*REQUIRED WORK*: Return the data below exactly as given, except for the images.
═════ EXCERPTED DATA ═════
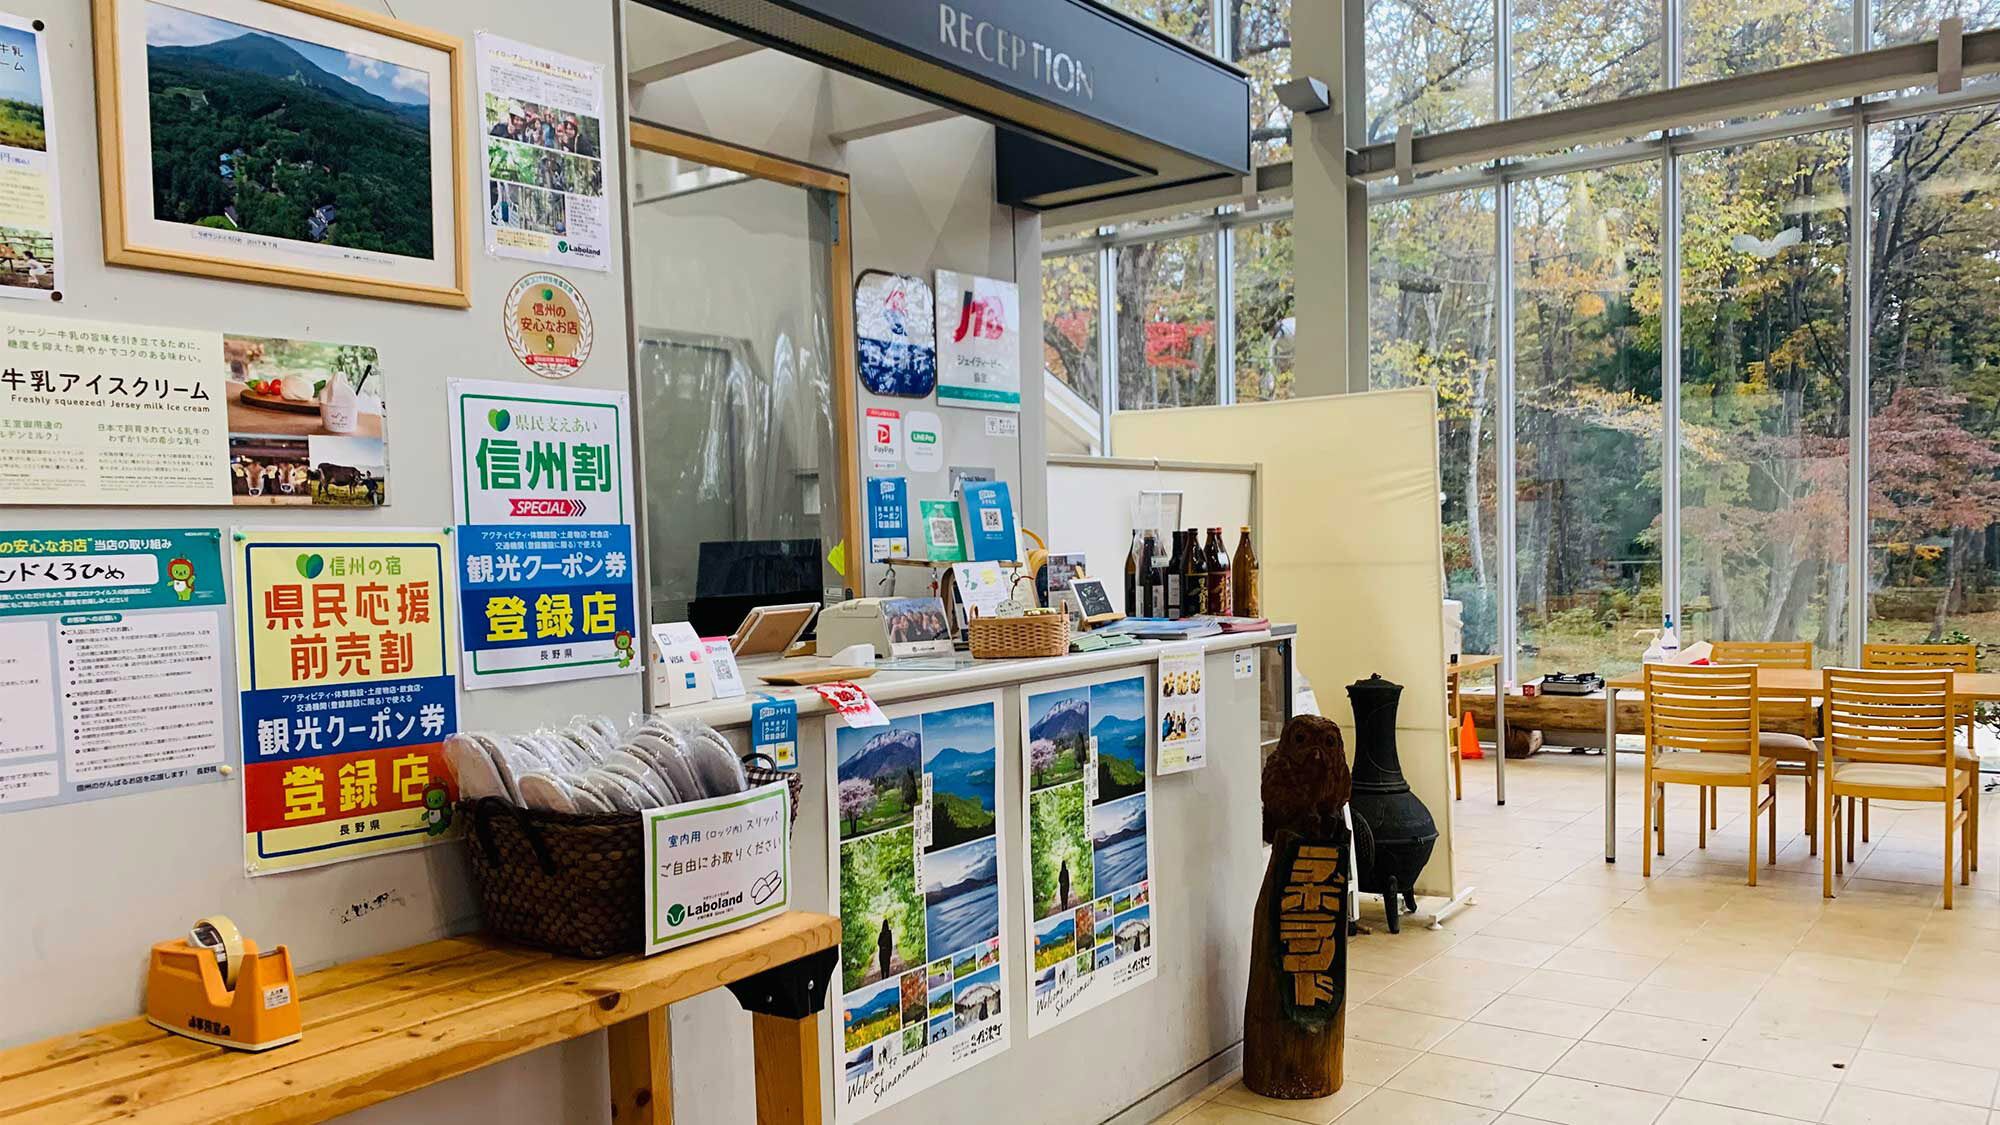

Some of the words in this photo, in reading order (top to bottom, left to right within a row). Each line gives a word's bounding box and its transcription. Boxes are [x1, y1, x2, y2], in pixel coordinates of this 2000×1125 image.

[939, 3, 1094, 101] RECEPTION
[569, 244, 601, 256] Laboland
[532, 303, 566, 318] 信州の
[520, 317, 578, 335] 安心なお店
[1, 368, 210, 401] 牛乳アイスクリーム
[11, 394, 50, 405] Freshly
[55, 398, 106, 410] squeezed!
[110, 399, 141, 410] Jersey
[144, 402, 164, 410] milk
[167, 403, 180, 411] Ice
[183, 405, 210, 413] cream
[515, 414, 598, 433] 県民支えあい
[873, 445, 895, 455] PayPay
[475, 438, 612, 493] 信州割
[516, 501, 567, 515] SPECIAL
[94, 539, 173, 551] 当店の取り組み
[329, 556, 401, 576] 信州の宿
[466, 551, 627, 584] 観光クーポン券
[264, 581, 430, 630] 県民応援
[485, 591, 617, 642] 登録店
[290, 630, 413, 681] 前売割
[540, 648, 573, 661] 長野県
[669, 655, 684, 664] VISA
[257, 703, 445, 756] 観光クーポン券
[196, 766, 217, 776] 長野県
[282, 753, 429, 821] 登録店
[339, 819, 380, 836] 長野県
[667, 830, 701, 848] 室内用
[705, 823, 743, 840] (ロッジ内)
[746, 810, 779, 831] スリッパ
[660, 837, 781, 878] ご自由にお取りください
[687, 891, 743, 917] Laboland
[1278, 845, 1346, 1007] ラボランド
[1036, 987, 1064, 1016] Welcome
[847, 1067, 884, 1104] Welcome
[888, 1056, 898, 1069] to
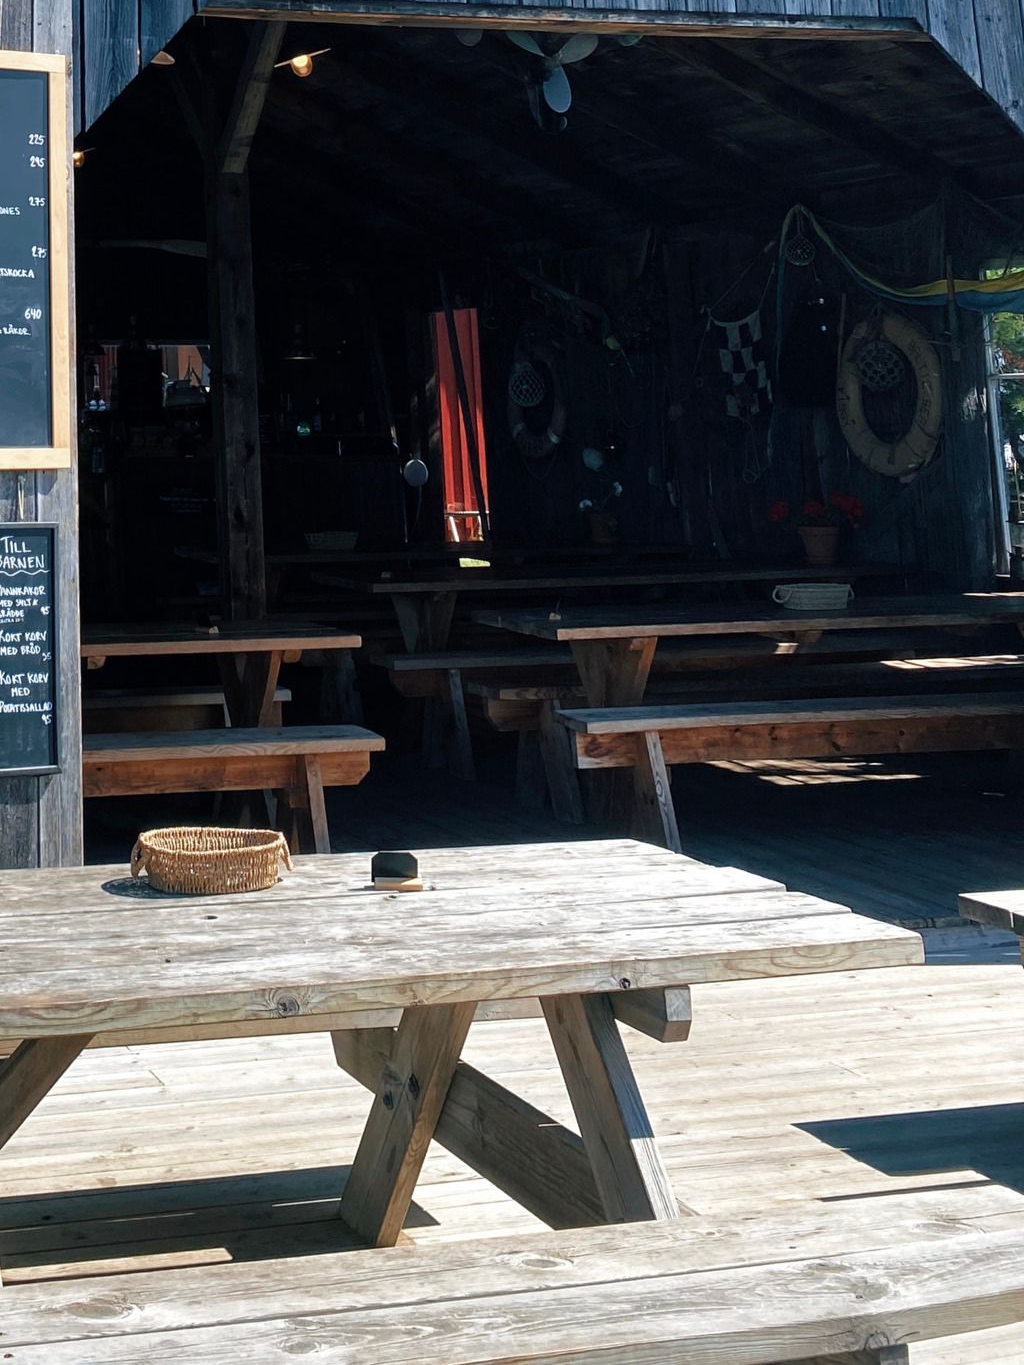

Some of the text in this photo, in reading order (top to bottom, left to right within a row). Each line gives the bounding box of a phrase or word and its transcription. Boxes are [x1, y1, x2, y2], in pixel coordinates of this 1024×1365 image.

[28, 133, 45, 145] 225
[28, 196, 46, 206] 275
[24, 307, 42, 320] 640
[0, 535, 32, 553] TILL
[25, 631, 47, 641] KORV
[0, 646, 18, 656] MED
[27, 672, 49, 684] KORV
[11, 687, 31, 697] MED
═════
*WRITTEN ANSWER*:
Some of the words in this photo, in reading order (top to bottom, left to right within a row). Each line gives a word's bounding box and its transcription. Boxes are [x1, y1, x2, y2], in pixel coordinates of this 2000×1125 image.

[939, 3, 1094, 101] RECEPTION
[569, 244, 601, 256] Laboland
[532, 303, 566, 318] 信州の
[520, 317, 578, 335] 安心なお店
[1, 368, 210, 401] 牛乳アイスクリーム
[11, 394, 50, 405] Freshly
[55, 398, 106, 410] squeezed!
[110, 399, 141, 410] Jersey
[144, 402, 164, 410] milk
[167, 403, 180, 411] Ice
[183, 405, 210, 413] cream
[515, 414, 598, 433] 県民支えあい
[873, 445, 895, 455] PayPay
[475, 438, 612, 493] 信州割
[516, 501, 567, 515] SPECIAL
[94, 539, 173, 551] 当店の取り組み
[329, 556, 401, 576] 信州の宿
[466, 551, 627, 584] 観光クーポン券
[264, 581, 430, 630] 県民応援
[485, 591, 617, 642] 登録店
[290, 630, 413, 681] 前売割
[540, 648, 573, 661] 長野県
[669, 655, 684, 664] VISA
[257, 703, 445, 756] 観光クーポン券
[196, 766, 217, 776] 長野県
[282, 753, 429, 821] 登録店
[339, 819, 380, 836] 長野県
[667, 830, 701, 848] 室内用
[705, 823, 743, 840] (ロッジ内)
[746, 810, 779, 831] スリッパ
[660, 837, 781, 878] ご自由にお取りください
[687, 891, 743, 917] Laboland
[1278, 845, 1346, 1007] ラボランド
[1036, 987, 1064, 1016] Welcome
[847, 1067, 884, 1104] Welcome
[888, 1056, 898, 1069] to

Some of the text in this photo, in reading order (top to bottom, left to right within a row). Each line gives the bounding box of a phrase or word and its transcription. Boxes are [x1, y1, x2, y2], in pixel coordinates of this 1024×1365 image.

[28, 133, 45, 145] 225
[28, 196, 46, 206] 275
[24, 307, 42, 320] 640
[0, 535, 32, 553] TILL
[25, 631, 47, 641] KORV
[0, 646, 18, 656] MED
[27, 672, 49, 684] KORV
[11, 687, 31, 697] MED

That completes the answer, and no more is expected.